▶ [Exercise] Output all records exactly, with no images.

▶ [Records provided]

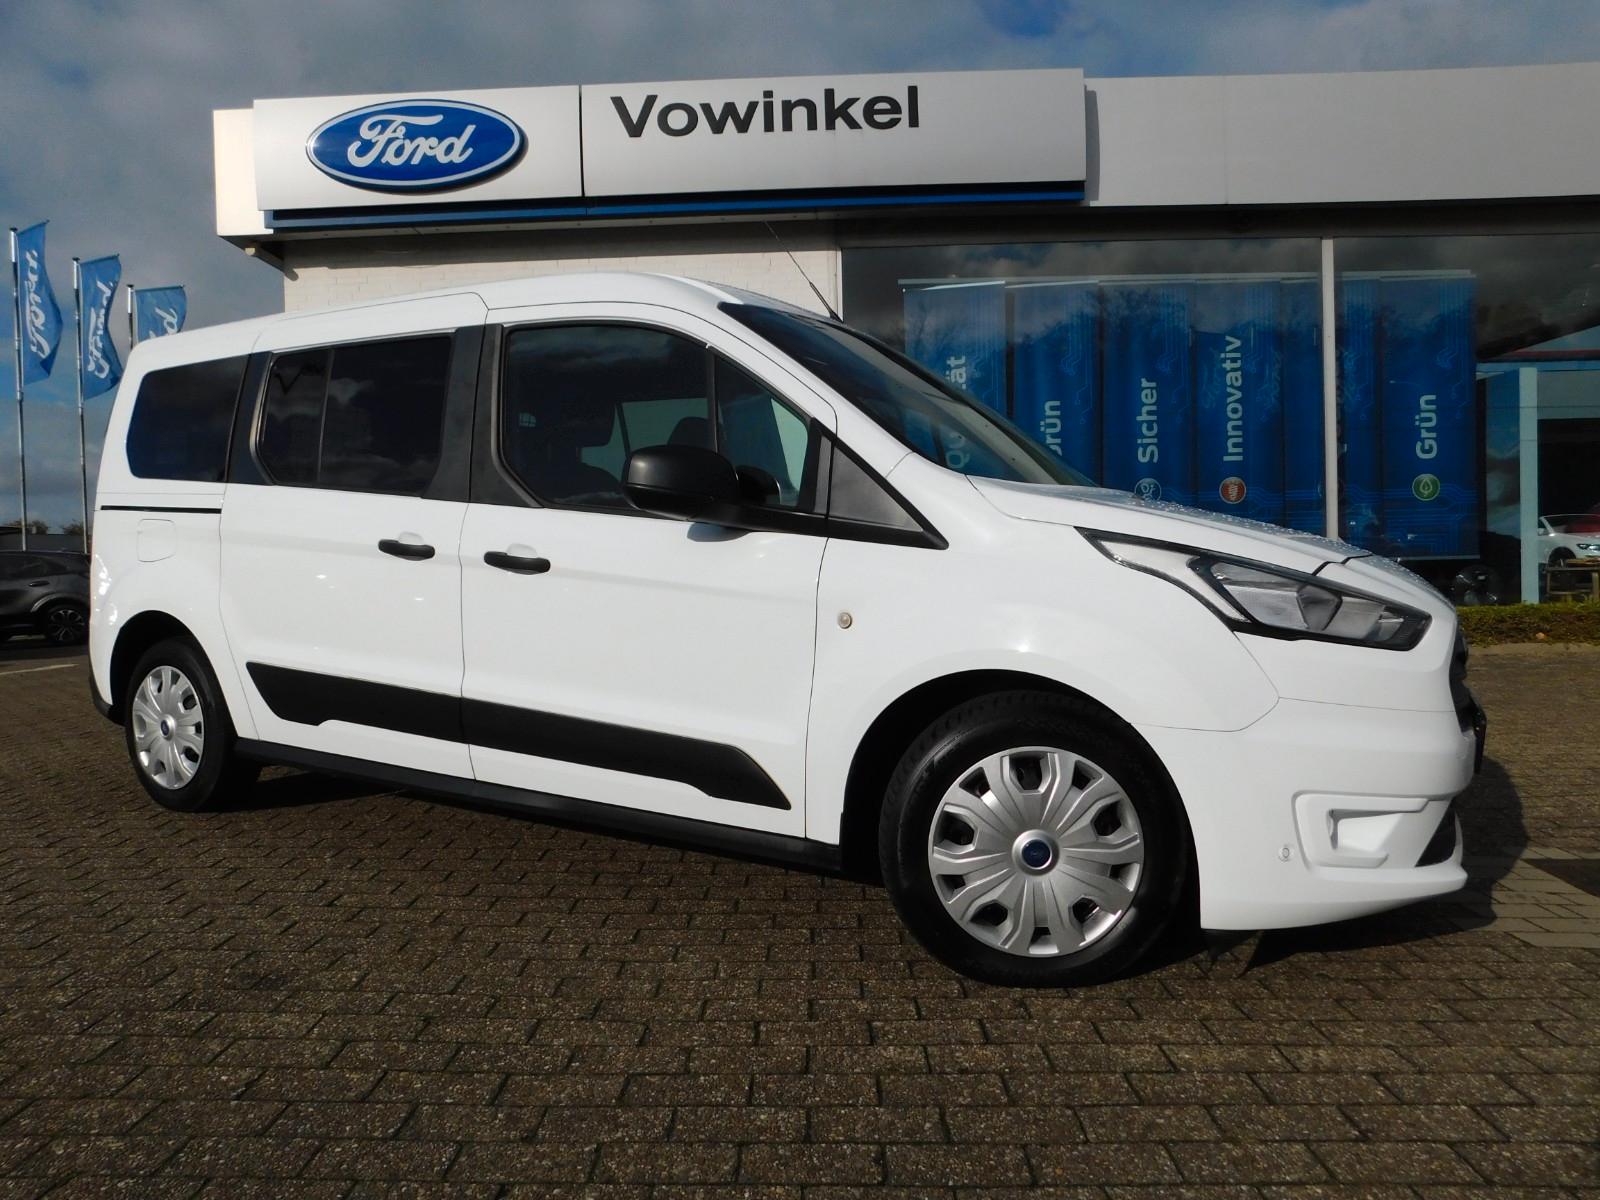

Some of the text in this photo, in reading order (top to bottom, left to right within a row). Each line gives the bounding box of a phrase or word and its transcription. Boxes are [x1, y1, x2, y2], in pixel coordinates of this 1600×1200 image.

[347, 113, 477, 168] Ford
[609, 85, 920, 138] Vowinkel
[1040, 400, 1063, 457] rün
[1136, 377, 1159, 464] Sicher
[1220, 335, 1244, 462] Innovativ
[1414, 394, 1438, 460] Grün

▶ [Exercise solution]
Some of the text in this photo, in reading order (top to bottom, left to right within a row). Each line gives the bounding box of a phrase or word and its transcription. Boxes are [x1, y1, x2, y2], in pixel coordinates of this 1600×1200 image.

[347, 113, 477, 168] Ford
[609, 85, 920, 138] Vowinkel
[1040, 400, 1063, 457] rün
[1136, 377, 1159, 464] Sicher
[1220, 335, 1244, 462] Innovativ
[1414, 394, 1438, 460] Grün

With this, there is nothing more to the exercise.